The big screen TVs

are getting bigger, but the vision of the world that they display is getting smaller. That thought occurred to me as I walked into BJ’s, my local bulk discount store today. We haven’t quite got to the point of “Welcome to Costco, I love you”, but we’re surely not too far off. It’ll will be “Welcome, can I give you a BJ?” Where I shop I would imagine. I only bought a couple of things anyway. I’ve largely disavowed processed and packaged foods since the fake pandemic, when I couldn’t even go in the store without putting a retarded face mask on. Some people would like us to forget all that, but I’m not going to. I’ll keep the memory of that horror alive for ever. People need to go to jail for this. Don’t get me started. (alright, I won’t)

I have nothing to say. There’s nothing going on over at the alt news sites. There’s nothin’ going on in the regular fake news. I did watch a bit of Morning Joe and Minkella. Joe was absent and the conversation was absent of logic, reason and sanity. These people are mad. I’m starting to think that it’s a brain virus or something. Demonic possession? Are they all on the Hallow app, where a fake Jesus appears in your bedroom while your husband is asleep next to you, and suggests you start a relationship with God? In my opinion there is so much wrong with that thing it beggars belief that it even got off the ground. It’s like a subscription to God. Is that what everything is now, a subscription to participating in life?

I know there’s a collection plate in the church, but you’re not obligated to contribute. With the Hallow app, they’ll cut you off from God if you don’t pay. Did I miss anything? Fuck the world, it’s the devil’s playground. Today I’m going to resume editing last Friday’s music session at the Fortress. I had to fuck around for a while with my attempted upgrade to a new desktop. It took me about a week to wrangle Windows 10 into a usable shape. Let me tell you Windows 10 sucks ass and blows a monkey at the same time. In my opinion It’s a catastrophic piece of shit, and that’s being kind. It comes with so much useless garbage it’s not funny. First off you have to delete all the bloatware, and then disable all the spyware.

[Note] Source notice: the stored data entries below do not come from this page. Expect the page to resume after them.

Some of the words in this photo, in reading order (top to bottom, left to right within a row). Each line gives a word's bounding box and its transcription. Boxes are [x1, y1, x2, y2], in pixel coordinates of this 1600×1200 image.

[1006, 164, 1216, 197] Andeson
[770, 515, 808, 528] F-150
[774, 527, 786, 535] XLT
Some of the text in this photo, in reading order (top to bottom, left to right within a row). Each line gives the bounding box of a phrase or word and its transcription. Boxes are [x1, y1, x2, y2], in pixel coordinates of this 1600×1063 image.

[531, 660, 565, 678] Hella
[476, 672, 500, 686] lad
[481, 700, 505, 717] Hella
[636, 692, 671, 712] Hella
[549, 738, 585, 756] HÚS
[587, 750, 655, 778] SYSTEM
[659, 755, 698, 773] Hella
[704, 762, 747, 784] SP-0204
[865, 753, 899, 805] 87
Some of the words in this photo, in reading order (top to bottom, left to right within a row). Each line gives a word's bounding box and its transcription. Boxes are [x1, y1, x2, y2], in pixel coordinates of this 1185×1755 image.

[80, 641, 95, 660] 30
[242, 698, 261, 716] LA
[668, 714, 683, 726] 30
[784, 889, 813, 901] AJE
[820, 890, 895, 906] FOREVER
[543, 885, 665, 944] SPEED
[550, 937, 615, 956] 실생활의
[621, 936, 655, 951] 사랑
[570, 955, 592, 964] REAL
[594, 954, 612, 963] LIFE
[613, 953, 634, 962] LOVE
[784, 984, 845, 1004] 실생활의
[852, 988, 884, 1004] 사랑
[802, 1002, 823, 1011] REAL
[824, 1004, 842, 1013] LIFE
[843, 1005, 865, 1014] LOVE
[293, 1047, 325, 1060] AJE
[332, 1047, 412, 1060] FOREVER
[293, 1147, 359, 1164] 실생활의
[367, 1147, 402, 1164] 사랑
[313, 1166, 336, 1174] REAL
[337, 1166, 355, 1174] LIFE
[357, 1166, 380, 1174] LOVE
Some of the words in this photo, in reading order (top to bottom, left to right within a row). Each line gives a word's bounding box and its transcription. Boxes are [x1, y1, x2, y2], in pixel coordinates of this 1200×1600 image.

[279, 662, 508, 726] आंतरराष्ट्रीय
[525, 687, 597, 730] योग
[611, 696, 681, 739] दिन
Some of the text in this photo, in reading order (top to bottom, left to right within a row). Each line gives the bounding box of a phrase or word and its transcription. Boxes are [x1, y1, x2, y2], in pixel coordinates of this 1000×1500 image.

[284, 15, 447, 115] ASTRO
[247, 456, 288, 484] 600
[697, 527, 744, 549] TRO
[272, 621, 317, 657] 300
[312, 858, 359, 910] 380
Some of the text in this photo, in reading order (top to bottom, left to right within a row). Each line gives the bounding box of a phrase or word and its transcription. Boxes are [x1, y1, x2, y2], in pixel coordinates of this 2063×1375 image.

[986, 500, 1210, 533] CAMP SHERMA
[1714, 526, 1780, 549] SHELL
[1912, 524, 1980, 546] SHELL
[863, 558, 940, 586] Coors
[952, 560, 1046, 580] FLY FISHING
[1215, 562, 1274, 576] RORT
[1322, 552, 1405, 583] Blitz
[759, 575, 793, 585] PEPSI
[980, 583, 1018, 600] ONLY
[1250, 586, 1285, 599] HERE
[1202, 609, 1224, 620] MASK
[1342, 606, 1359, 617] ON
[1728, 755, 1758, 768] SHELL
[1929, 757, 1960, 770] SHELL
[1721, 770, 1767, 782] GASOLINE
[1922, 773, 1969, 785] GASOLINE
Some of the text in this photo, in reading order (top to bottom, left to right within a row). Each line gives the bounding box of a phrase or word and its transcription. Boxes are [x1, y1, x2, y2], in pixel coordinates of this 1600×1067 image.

It then installs this utterly broken shitware called “Windows Boot Manager’ which crashes after about two days, and renders your computer inoperable. You can only access a repair/reset menu in order to “fix” it, but it’s a road to hell that never works. After you’ve jumped through all the Troubleshoot repair/reset/advanced option fixes, it tells you you can “Exit and continue to Windows 10”, where it just crashes again. There is a big button underneath that message which says “Turn your PC off’. That works perfectly. It’s like they’re mocking you at this point.

Hey, just don’t turn the fucker on. Use Linux instead.

Anyhow, it’s kind of working now. I disconnected the original boot drive and maybe the flash drive I’m using to boot Windows now will work better. This is all as boring as batshit, but would you rather I talk about Apple products or the new iphone? I don’t think so. This is what the modern day independent music producer has to deal with. It’s not the 70’s when Fleetwood Mac would spend two weeks in the studio trying to get the perfect drum sound, while they painted the walls pink. Unfortunately a lot of music hardware has been designed primarily to use with Apple products. They half heartedly port the software over to Windows, because they have figured out that more than a few people (such as me), would rather swim in a river of shit, than use anything Apple produces. No offense.

I’m hungry now, but I’m nowhere near the Donut Dip, or even a KK. I need a round shaped thing with a hole in it.